Start of Input for this task
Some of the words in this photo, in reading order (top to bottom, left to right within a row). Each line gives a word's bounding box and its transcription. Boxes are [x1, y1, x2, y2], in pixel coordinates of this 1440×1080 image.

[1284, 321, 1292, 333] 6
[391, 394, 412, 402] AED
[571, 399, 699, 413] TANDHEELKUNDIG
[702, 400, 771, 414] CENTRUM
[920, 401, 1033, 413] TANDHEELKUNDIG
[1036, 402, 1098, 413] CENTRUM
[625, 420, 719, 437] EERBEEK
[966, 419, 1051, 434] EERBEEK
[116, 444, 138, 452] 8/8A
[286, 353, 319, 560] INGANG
End of Input for this task
What needs to be done = The expected response is the full data, reproduced exactly.

Finished exercise =
Some of the words in this photo, in reading order (top to bottom, left to right within a row). Each line gives a word's bounding box and its transcription. Boxes are [x1, y1, x2, y2], in pixel coordinates of this 1440×1080 image.

[1284, 321, 1292, 333] 6
[391, 394, 412, 402] AED
[571, 399, 699, 413] TANDHEELKUNDIG
[702, 400, 771, 414] CENTRUM
[920, 401, 1033, 413] TANDHEELKUNDIG
[1036, 402, 1098, 413] CENTRUM
[625, 420, 719, 437] EERBEEK
[966, 419, 1051, 434] EERBEEK
[116, 444, 138, 452] 8/8A
[286, 353, 319, 560] INGANG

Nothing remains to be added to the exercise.